If we merely stop at step one, and feel guilty for the sake of feeling guilty, we never move at all! It’s almost as if we spend our entire childhood hearing about how much God loves, forgives and feels compassion for our weakness- why He died and rose for us!- and yet when we become adults we forget. We dismiss these assurances, maybe even subconsciously, because we “know better.” We feel the weight of guilt more and more, and rather than using it as a springboard to action, it becomes an anchor which does not allow us to leave harbor. While feeling sorrow and guilt is not wrong in and of itself, why would a person stay there if he or she can move beyond that?
The Scriptures tell us “the fear of the Lord is the beginning of wisdom.” (Proverbs 1:7) In his first epistle, St. John the Theologian says “he who fears has not been made perfect in love.” (1 John 4:18) Acknowledging our sin, our faults, our weaknesses as human beings is a first step, but nowhere in our faith do we hear that guilt is the end, or the ultimate destination. It moves us to examination, criticism, and most importantly, action, and this is where life with God begins! Inviting Him into our life saying “I can’t do it. I need help. I need You!” is where we want to be, not “I’m horrible, I can’t be forgiven.” I don’t even want to think of what kind of psychological or even physical repercussions follow this kind of thinking.
The Lord wants us to be aware of, but ultimately move beyond our guilt. Unlike the “Parker guilt,” we are not called to clutch onto it and never let go, but to acknowledge it and move past it.

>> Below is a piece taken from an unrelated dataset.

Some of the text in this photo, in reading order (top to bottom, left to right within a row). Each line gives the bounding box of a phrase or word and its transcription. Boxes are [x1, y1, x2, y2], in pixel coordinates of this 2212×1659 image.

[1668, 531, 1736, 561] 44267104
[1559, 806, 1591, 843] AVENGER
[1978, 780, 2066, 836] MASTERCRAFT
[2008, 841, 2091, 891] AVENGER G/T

The Church provides us with so many avenues of forgiveness, let us focus on this and not let guilt consume us.
Spider-Man’s cool and all, but do we really want to go through life being like him? Let us accept and embrace the Lord’s mercy and forgiveness, and open our lives to His grace. If we do, we’ll feel like we are flying!

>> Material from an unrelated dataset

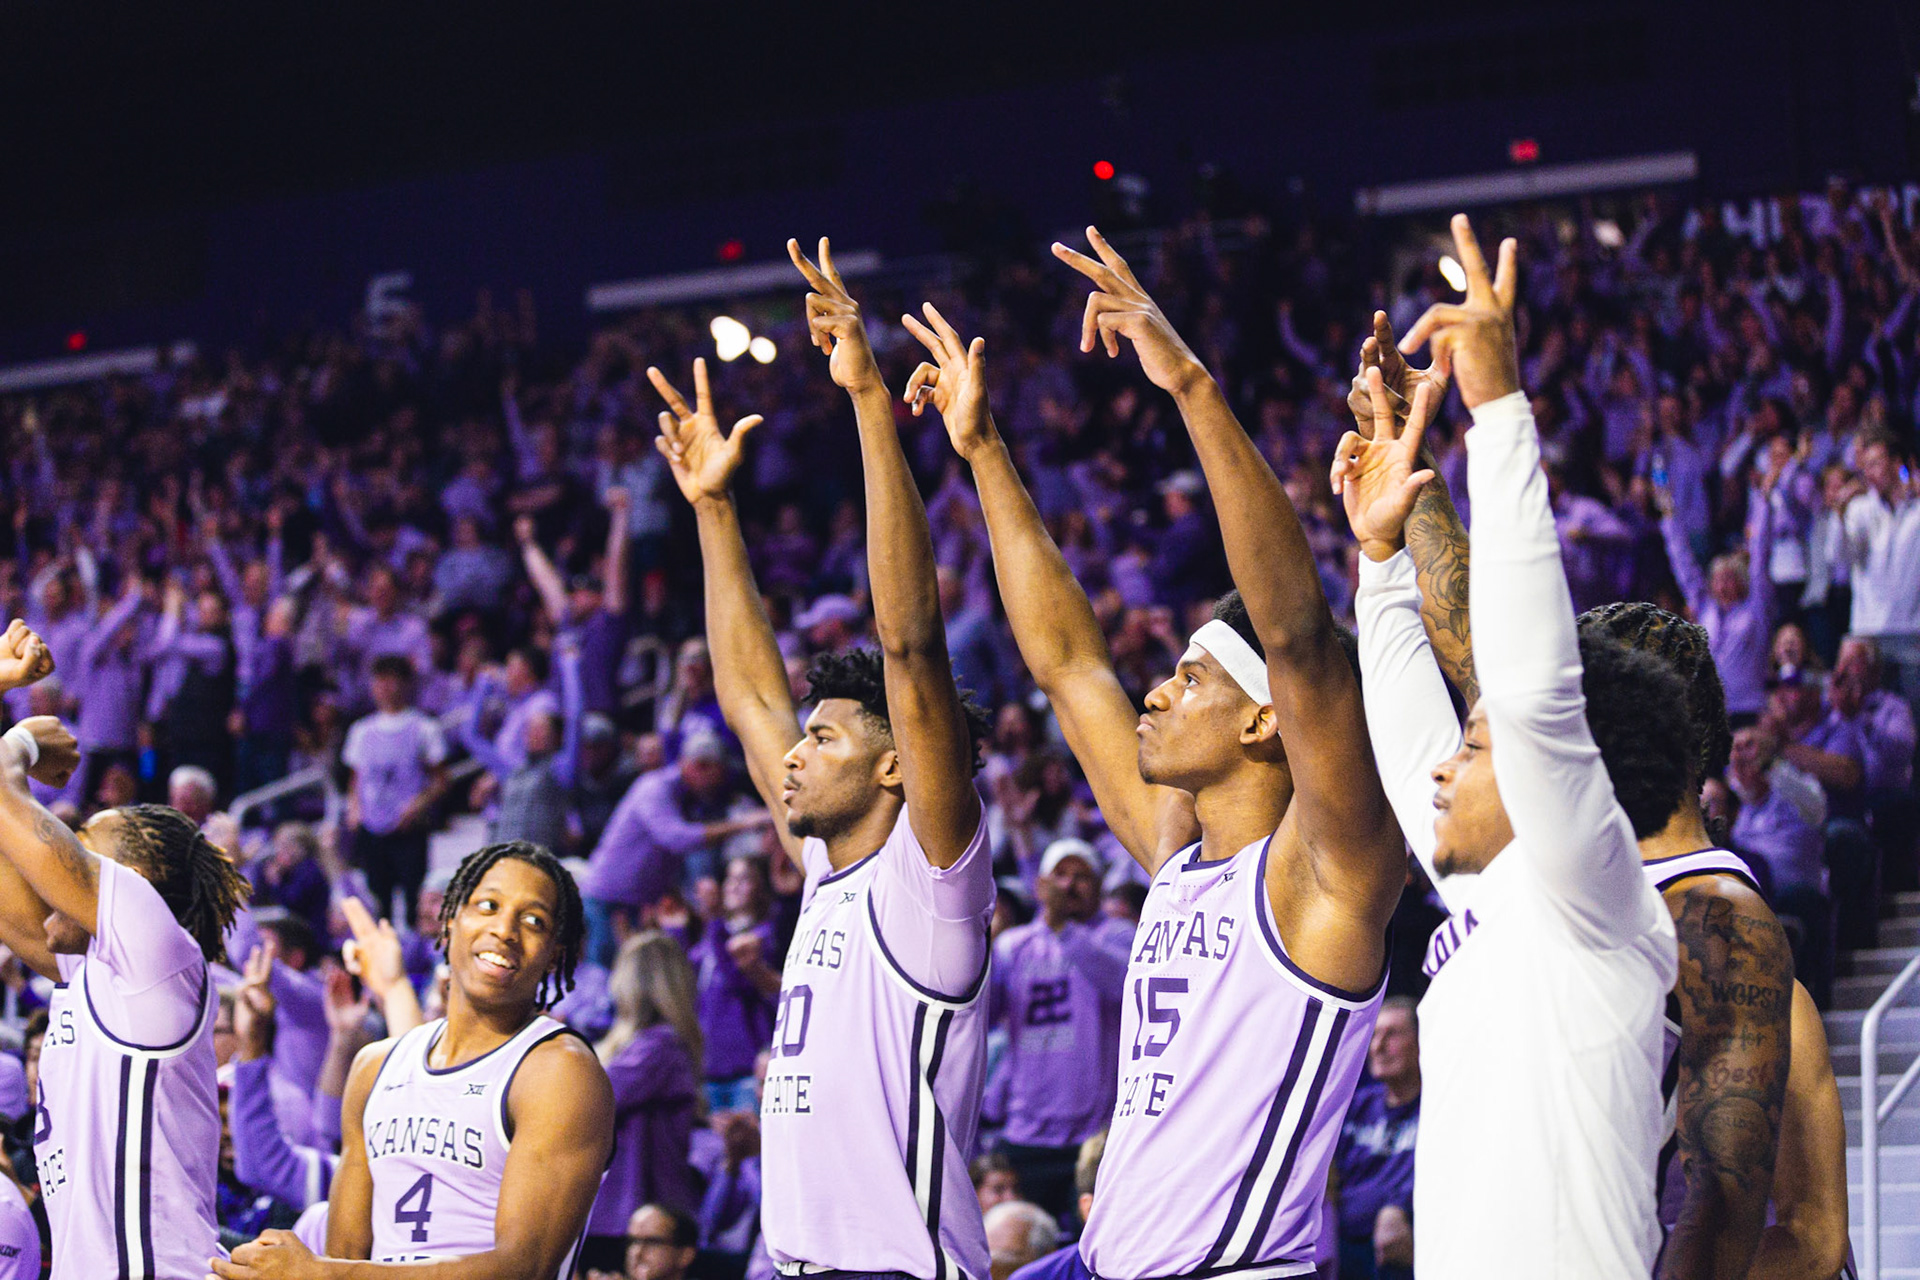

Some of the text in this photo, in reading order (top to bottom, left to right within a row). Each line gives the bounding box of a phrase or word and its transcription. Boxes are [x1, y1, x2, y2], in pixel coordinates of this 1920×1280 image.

Or should I say swinging? 😉
“All have sinned and fall short of the glory of God… being justified freely by His grace through the redemption that is in Christ Jesus…” – Romans 3:23-24
“My Christ, Your love knows no limits!” – Saint Porphyrios of Kafsokalivia
Hey Again Reverend Niko!
Really enjoyed your latest observations and on guilt and it is something as a lifelong believer I find myself walking through, I fall into the “I’m not reading the word, praying enough, putting off enough, putting on more of what God wants” category. I find myself at times looking in comparison to the other Brothers lives in the Church Body.
I find living in between the tension of God loves and accepts you as you are and the lack of discipline to study the word daily, on my part or complete distraction with the worldly in my life make for me becoming more complacent in my current walk with Christ. My wife and I are disciplined in the area of praying together each night.
So practically what from first steps would I take from here?